Il punto nevralgico attorno a cui gravita il Documento sulla fratellanza umana l’ha sottolineato Papa Francesco nell’udienza generale del mercoledì seguita al viaggio ad Abu Dhabi: «In un’epoca come la nostra, in cui è forte la tentazione di vedere in atto uno scontro tra le civiltà cristiana e quella islamica, e anche di considerare le religioni come fonti di conflitto, abbiamo voluto dare un ulteriore segno, chiaro e deciso, che invece è possibile incontrarsi, è possibile rispettarsi e dialogare, e che, pur nella diversità delle culture e delle tradizioni, il mondo cristiano e quello islamico apprezzano e tutelano valori comuni: la vita, la famiglia, il senso religioso, l’onore per gli anziani, l’educazione dei giovani, e altri ancora».

Se infatti — per i cristiani e per i musulmani — Dio è il Creatore e il garante misericordioso e provvidente di ogni espressione della vita nella casa comune che ci ospita, noi di conseguenza siamo membri di un’unica famiglia, fratelli e sorelle, responsabili gli uni degli altri. E come tali dobbiamo riconoscerci. È questo il criterio fondamentale che la fede ci offre per gestire e promuovere la convivenza umana, per interpretare le diversità che sussistono tra noi, per disinnescare i conflitti, per costruire la pace.

La novità che segna lo spirito del Documento sulla fratellanza umana è quella che san Paolo VI — con la visione alta e lunga dell’uomo di Dio — sintetizzava nell’enciclica programmatica del suo pontificato, l’Ecclesiam suam, quando scriveva che la missione della Chiesa, oggi, prende il nome di dialogo.

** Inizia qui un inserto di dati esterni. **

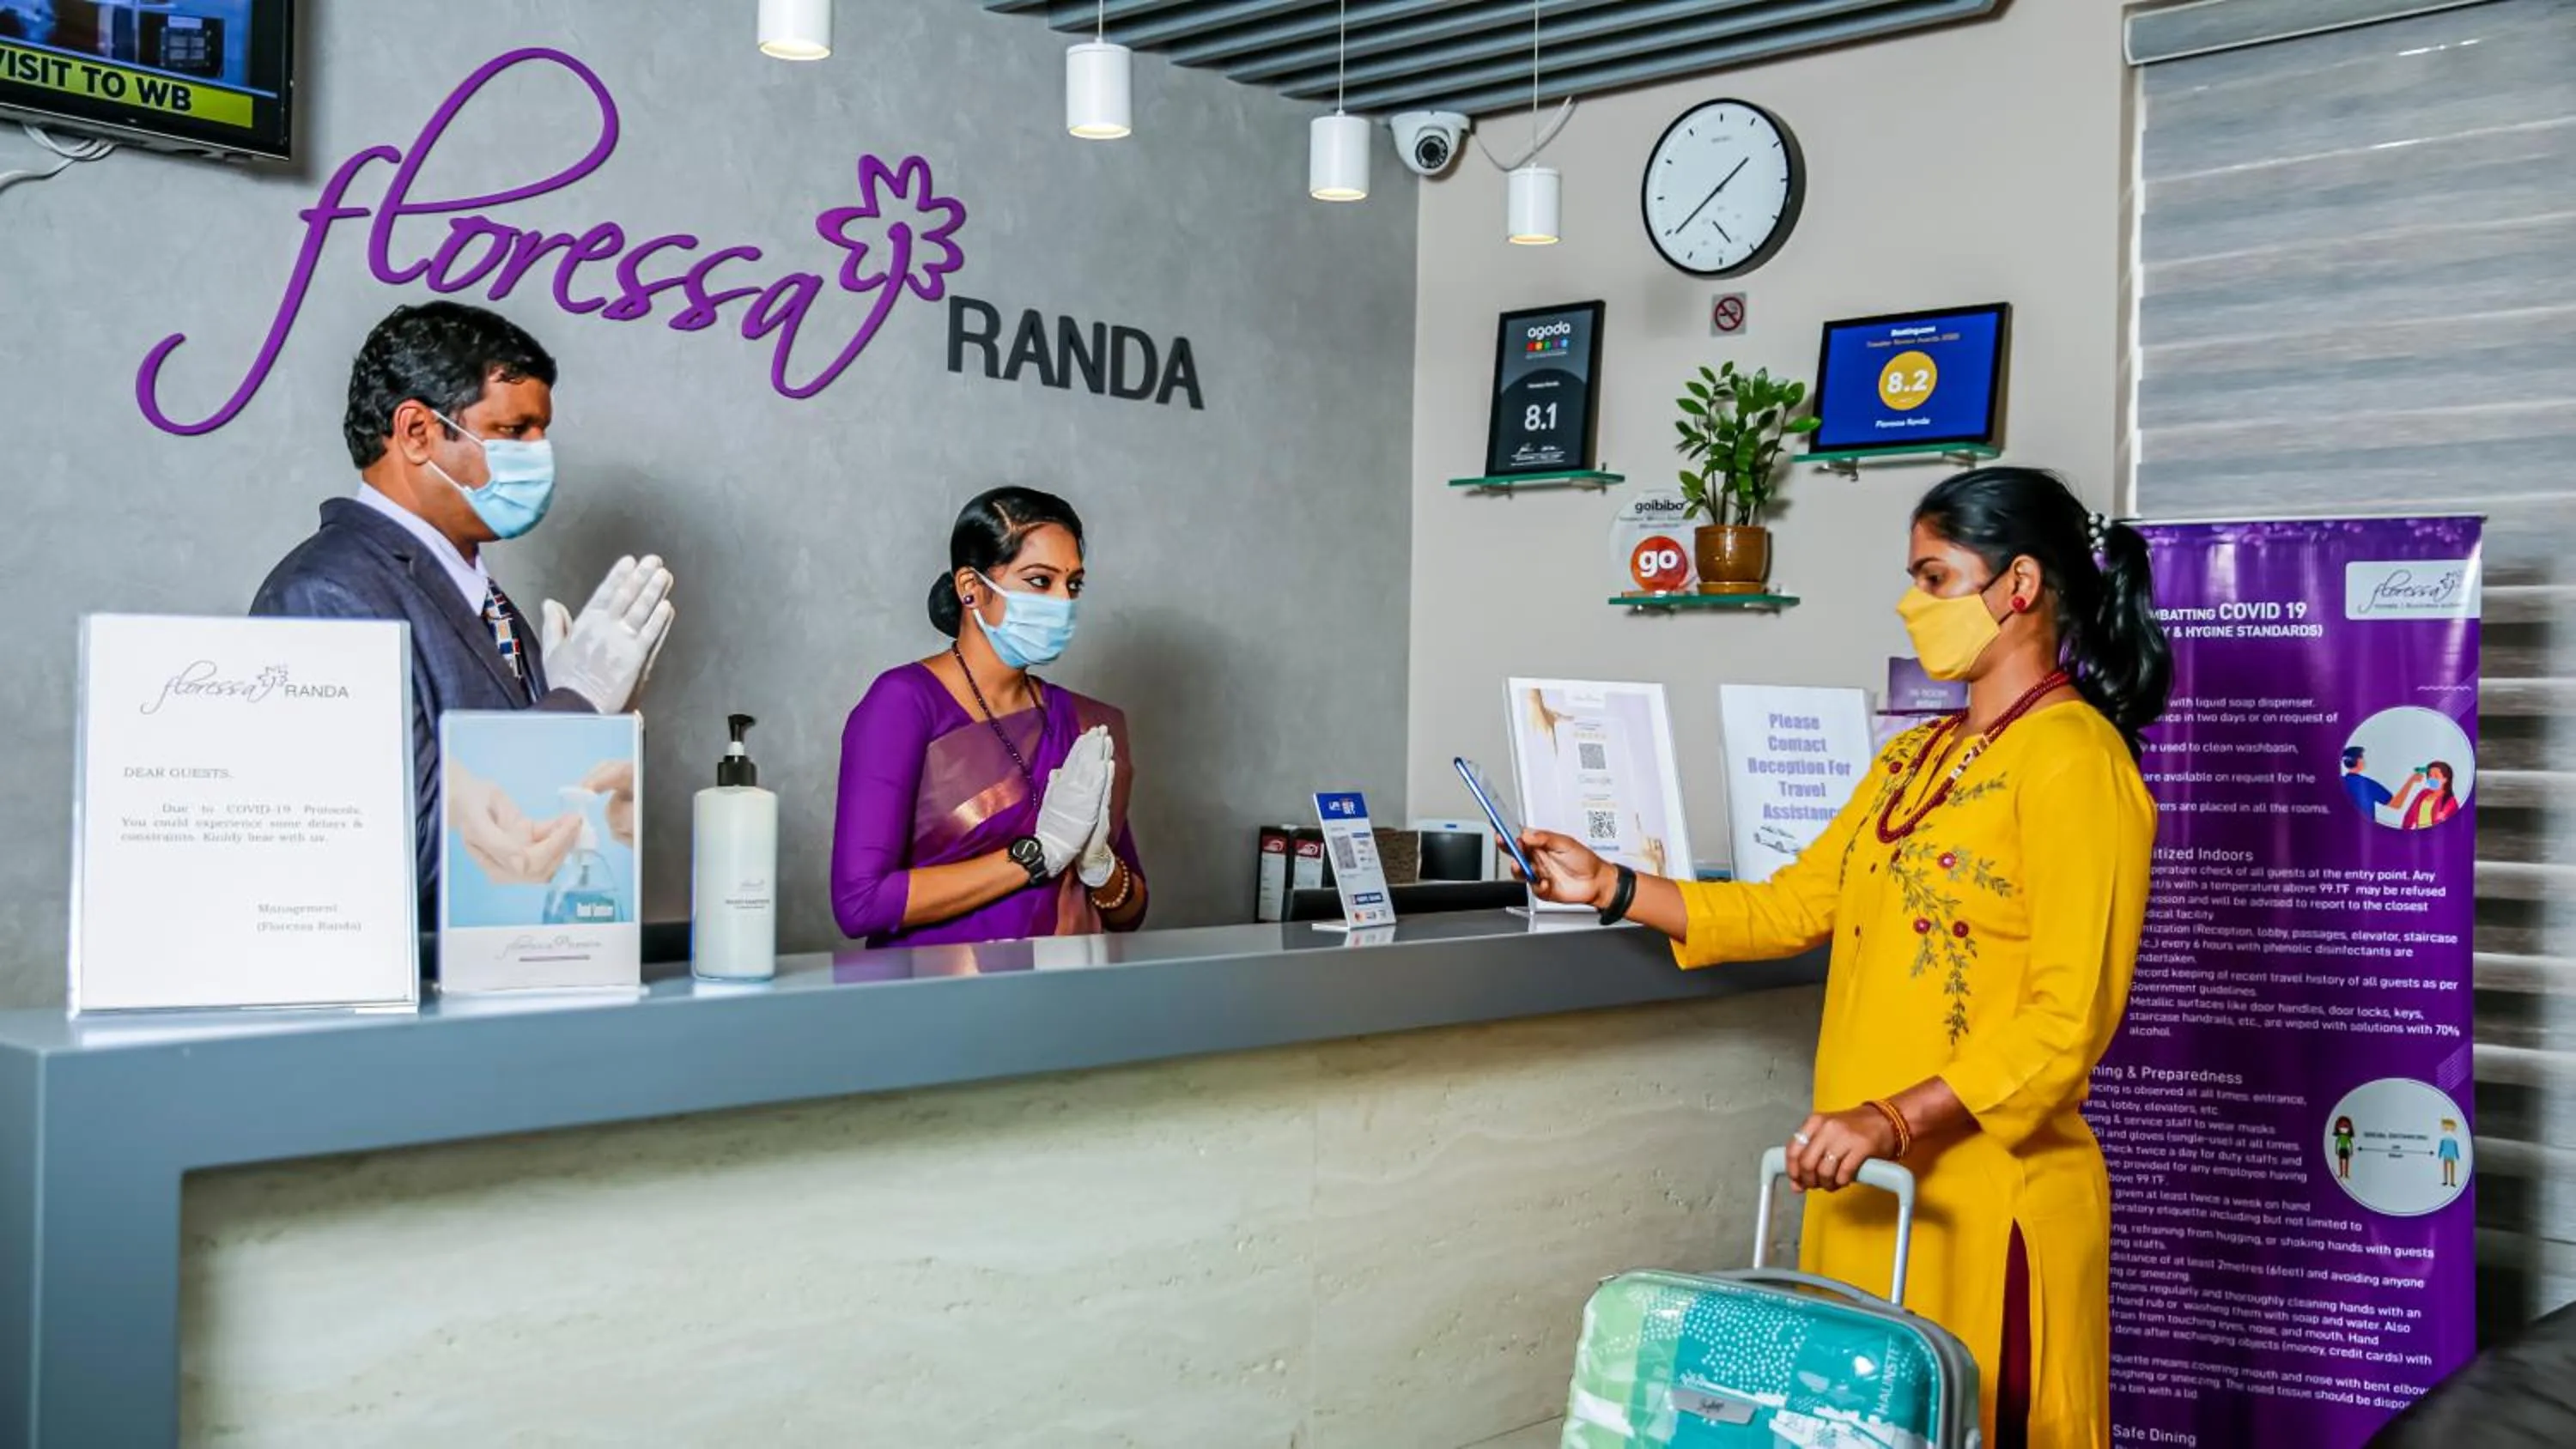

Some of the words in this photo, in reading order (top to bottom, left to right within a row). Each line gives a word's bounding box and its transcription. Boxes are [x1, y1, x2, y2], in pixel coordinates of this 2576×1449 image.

[81, 66, 126, 98] TO
[136, 76, 191, 112] WB
[136, 47, 912, 435] floressa
[1527, 321, 1571, 340] agoda
[947, 294, 1204, 409] RANDA
[1886, 370, 1929, 394] 8.2
[1524, 402, 1558, 430] 8.1
[1635, 499, 1685, 514] goibibo
[1638, 549, 1678, 578] go
[2149, 609, 2216, 621] MBATTING
[2219, 603, 2281, 620] COVID
[2286, 603, 2307, 619] 19
[2173, 626, 2182, 638] &
[2185, 626, 2233, 638] HYGINE
[2236, 625, 2323, 638] STANDARDS)
[284, 684, 349, 699] RANDA
[1768, 714, 1820, 730] Please
[2325, 712, 2338, 723] of
[1767, 737, 1827, 753] Contact
[123, 767, 165, 778] DEAR
[1747, 758, 1826, 775] Reception
[1828, 760, 1851, 777] For
[2296, 773, 2316, 784] the
[1779, 781, 1826, 797] Travel
[162, 803, 188, 814] Due
[226, 803, 292, 815] COVID-19
[1762, 803, 1840, 821] Assistanc
[121, 817, 147, 828] You
[2198, 847, 2255, 862] Indoors
[2267, 868, 2305, 879] guests
[2322, 869, 2342, 879] the
[2344, 870, 2374, 882] entry
[2378, 870, 2409, 882] point.
[2412, 870, 2436, 882] Any
[2355, 886, 2381, 896] may
[2383, 885, 2399, 895] be
[2400, 885, 2446, 897] refused
[258, 903, 338, 916] Management
[2348, 900, 2360, 910] to
[2363, 900, 2382, 911] the
[2385, 900, 2429, 912] closest
[2351, 931, 2402, 942] elevator,
[2403, 931, 2458, 943] staircase
[2314, 944, 2391, 956] disinfectants
[2394, 949, 2414, 957] are
[2362, 977, 2378, 986] all
[2379, 978, 2421, 989] guests
[2422, 979, 2437, 989] as
[2439, 980, 2458, 991] per
[2357, 1006, 2391, 1018] locks,
[2394, 1007, 2424, 1020] keys,
[2349, 1022, 2403, 1034] solutions
[2406, 1023, 2432, 1034] with
[2435, 1024, 2460, 1037] 70%
[2127, 1066, 2136, 1079] &
[2142, 1066, 2244, 1085] Preparedness
[2366, 1243, 2391, 1255] with
[2394, 1246, 2434, 1258] guests
[2306, 1269, 2329, 1280] and
[2330, 1270, 2379, 1287] avoiding
[2382, 1276, 2425, 1288] anyone
[2340, 1301, 2375, 1315] hands
[2378, 1305, 2403, 1318] with
[2406, 1308, 2422, 1319] an
[2292, 1313, 2319, 1325] soap
[2321, 1315, 2343, 1326] and
[2385, 1320, 2410, 1333] Also
[2348, 1332, 2379, 1345] Hand
[2329, 1346, 2363, 1360] credit
[2366, 1350, 2403, 1364] cards)
[2405, 1353, 2433, 1366] with
[2281, 1372, 2302, 1383] and
[2305, 1375, 2333, 1385] nose
[2335, 1377, 2360, 1389] with
[2363, 1379, 2391, 1392] bent
[2314, 1390, 2354, 1404] should
[2355, 1394, 2371, 1405] be
[2112, 1423, 2146, 1440] Safe
[2149, 1428, 2196, 1446] Dining

Perché aprirsi all’altro, scoprire i valori di cui egli vive e farsi testimone presso di lui dei valori in cui ognuno di noi crede, camminare insieme e cooperare per la giustizia e la pace, significa credere e annunciare la verità e la vita che vengono da Dio: quella verità e quella vita che, come cristiani, contempliamo e accogliamo da Dio in Gesù il Messia e Signore.

Questo implica vivere la nostra identità — ci dice Papa Francesco con indomita energia — nel «coraggio dell’alterità». È questa la soglia che oggi ci è chiesto di attraversare. Solo così la fedeltà a Dio si fa principio di storia nuova, fondamento sincero della costruzione di una civiltà dell’alleanza che abbraccia nella pace e nello scambio dei doni la ricchezza delle differenze: di fede, di cultura, di pensiero e di prassi.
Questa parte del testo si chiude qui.